I've had concerns, to be quite frank. When the GFC was on, I did not vote for one of the so-called GFC stimulus packages. I made a point of not voting for them, because I believed that spending on immediate consumables was secondary to our investment in capital infrastructure that could build the economy over the longer term. I believe that, if you invest in a dam, you have the capacity to repay your debts. If you invest in things such as ceiling insulation, it's gone. It's an important product, predominantly, in any case. Investments in things which will be consumables, whether in the construction of a house or what you furnish it with, I don't see will have the same stimulus effect as the construction of a railway line or the upgrade of a dam or the construction of a new airport. Obviously it's an iconic utilisation of capital expenditure—dams, as far as I'm concerned, is at the top of the tree.
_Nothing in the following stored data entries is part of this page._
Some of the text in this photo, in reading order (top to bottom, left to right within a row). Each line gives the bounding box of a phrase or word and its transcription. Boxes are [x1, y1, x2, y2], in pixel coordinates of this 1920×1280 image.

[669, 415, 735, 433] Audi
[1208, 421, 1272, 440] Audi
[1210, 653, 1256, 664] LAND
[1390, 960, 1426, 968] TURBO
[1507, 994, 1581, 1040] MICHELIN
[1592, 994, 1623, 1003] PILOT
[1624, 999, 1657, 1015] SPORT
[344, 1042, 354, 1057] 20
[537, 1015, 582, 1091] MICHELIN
APRA has to work in the foreseeable future and in an uncertain world, therefore it has to be able to finance the job it does. That uncertainty has been brought on by the COVID-19 pandemic. Even as we speak, there are people who are taking actions that exacerbate that risk. I commend the member for Maribyrnong for noting the other day that those who participate in the protests are actually causing a problem that will exacerbate the issue they are protesting against. If you have an issue about Black Lives Matter, then you'd better consider those in remote Indigenous communities. The remote Indigenous communities are the ones who are probably at the pinnacle of risk. If this disease were to get into remote communities, people would die. We don't want to be party to being responsible for that. As part and parcel of the uncertainties that are in the financial markets, the seed of which is the coronavirus, you would think that people would use a mechanism of public discourse, whether it be online or letters to the editor or waiting for a time where we have better control over our issues, and not completely flaunt every health regulation, and, in many instances, every law, because they so choose on that day. In noting the demonstrators, I don't think their actual attachment to the issue was as pertinent and they would put forward. Many of the demonstrators were merely 'look at me' demonstrators. It was their big day out. It was a day at the tracks for them. If you actually sat down with them and drilled down and asked them to name some of the black deaths in custody, I think they would really struggle to name one of them.
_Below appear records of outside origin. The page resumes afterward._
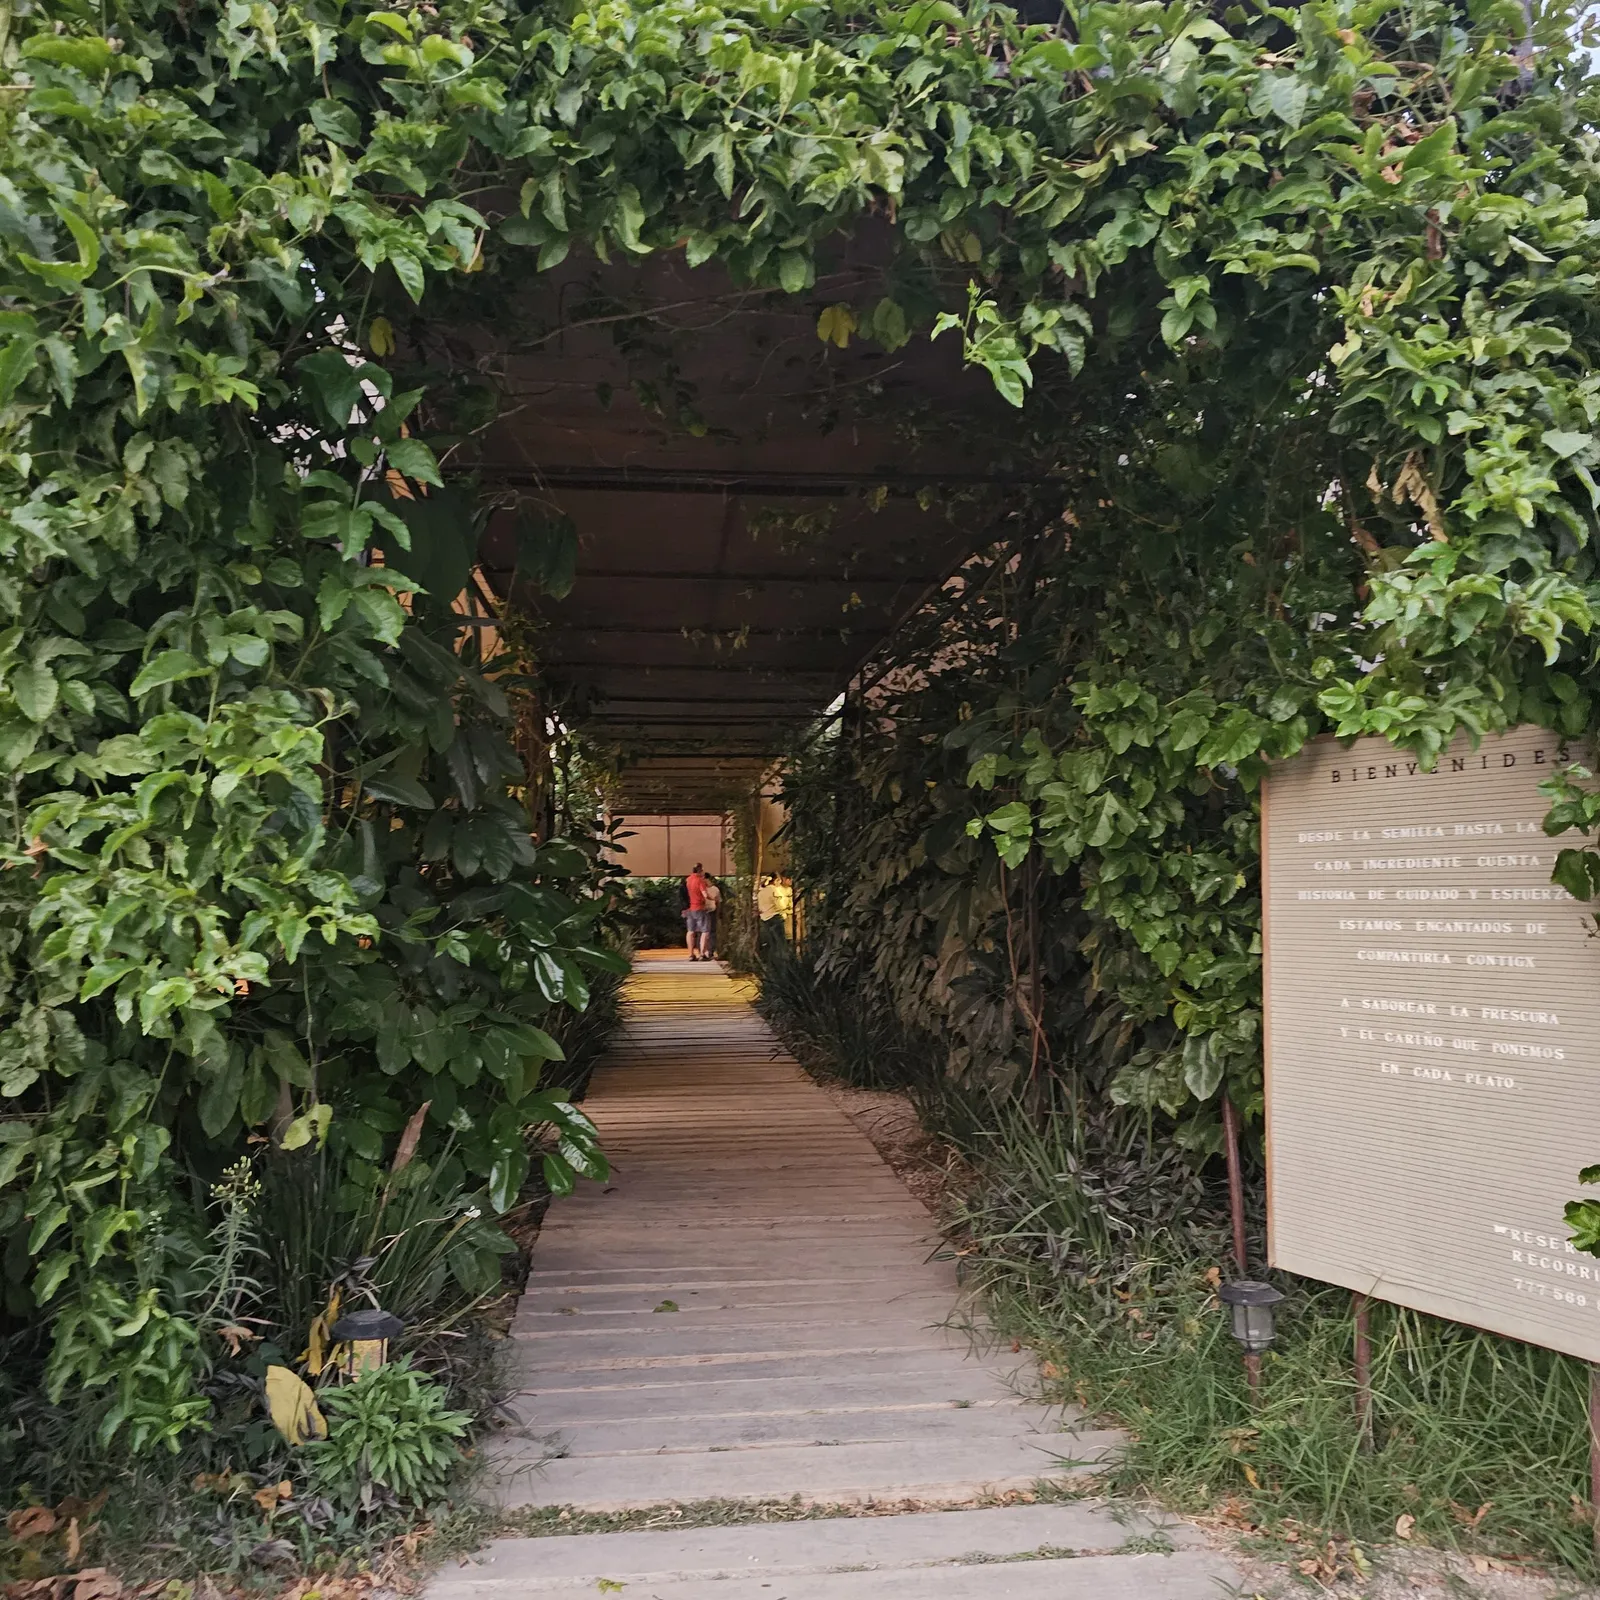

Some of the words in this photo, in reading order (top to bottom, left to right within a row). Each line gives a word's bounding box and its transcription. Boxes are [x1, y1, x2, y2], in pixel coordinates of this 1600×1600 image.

[1298, 831, 1343, 843] DESDE
[1352, 830, 1371, 841] LA
[1381, 826, 1445, 839] SEMILLA
[1454, 823, 1504, 836] HASTA
[1516, 822, 1537, 833] LA
[1313, 860, 1351, 871] CADA
[1362, 856, 1462, 870] INGREDIENTE
[1476, 854, 1540, 867] CUENTA
[1298, 890, 1356, 901] HISTORIA
[1368, 889, 1385, 901] DE
[1395, 889, 1460, 901] CUIDADO
[1469, 889, 1479, 901] Y
[1339, 920, 1402, 932] ESTAMOS
[1415, 921, 1513, 934] ENCANTADOS
[1525, 922, 1548, 935] DE
[1357, 950, 1452, 964] COMPARTIRLA
[1466, 954, 1536, 968] CONTIGX
[1340, 998, 1350, 1009] A
[1361, 999, 1437, 1014] SABOREAR
[1450, 1005, 1469, 1017] LA
[1481, 1007, 1560, 1025] FRESCURA
[1340, 1026, 1349, 1038] Y
[1359, 1029, 1376, 1041] EL
[1384, 1030, 1444, 1048] CARIÑO
[1452, 1038, 1480, 1051] QUE
[1492, 1042, 1566, 1061] PONEMOS
[1381, 1062, 1400, 1074] EN
[1413, 1066, 1453, 1082] CADA
APRA is going to have a full book as it goes forward. It's going to have a full book making sure that people are able to claim on their superannuation and that those funds are available. It's going to have a full book making sure life policies can be paid out. It's going to have a full book making sure that one of the great strengths of the Australian economy, which is the strength of our banking sector, remains, while, in the same breath, making sure that they don't rule out the competition in the banking sector so that banks, such as the Regional Australia Bank, are able to grow in the book they hold and offer alternatives to the four major banks.
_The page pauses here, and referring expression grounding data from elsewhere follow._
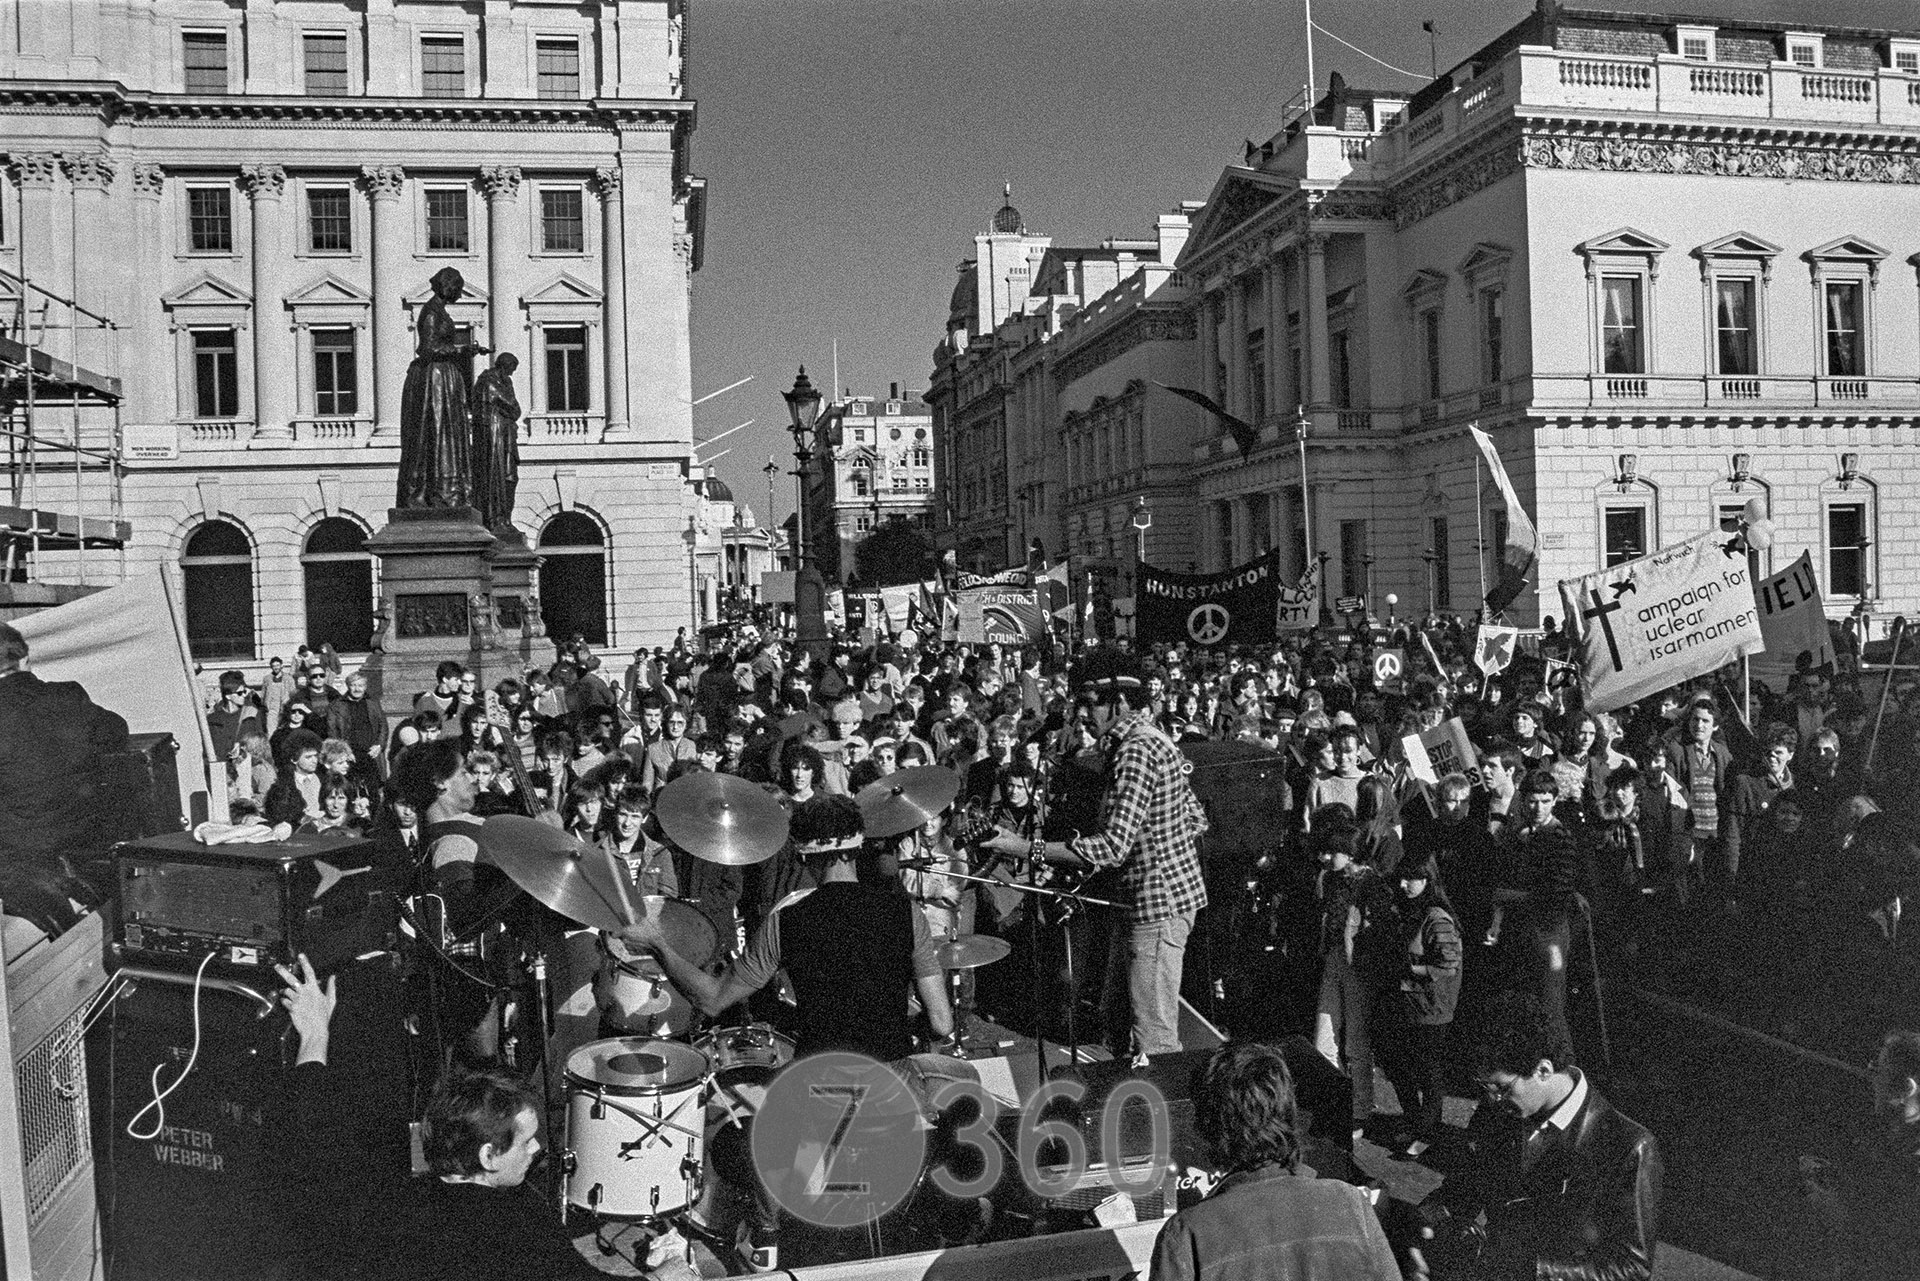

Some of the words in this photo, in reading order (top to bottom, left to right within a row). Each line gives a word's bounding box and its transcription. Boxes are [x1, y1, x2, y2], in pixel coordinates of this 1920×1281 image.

[1653, 545, 1695, 567] Norwich
[1146, 564, 1269, 599] HUNSTANTON
[1722, 569, 1746, 588] for
[1754, 562, 1815, 615] IELD
[997, 593, 1038, 605] DISTRICT
[160, 1125, 213, 1150] PETER
[153, 1143, 225, 1172] WEBBER
Most of what I see in the Australian Prudential Regulation Authority Amendment (APRA Industry Funding) Bill 2020 is perfunctory. I believe that most of it should not cause much disquiet. It is merely a bill that allows us to cover costs, but it is also a great avenue to allow people to talk on a range of things that they believe to be pertinent today.

I look forward to the next speech. It looks like it's going to come from the member for Maribyrnong. I would suggest that, out of his 20 minutes, he will talk for approximately two minutes on the bill and will use the other 80 to 90 per cent of the time to talk on other issues.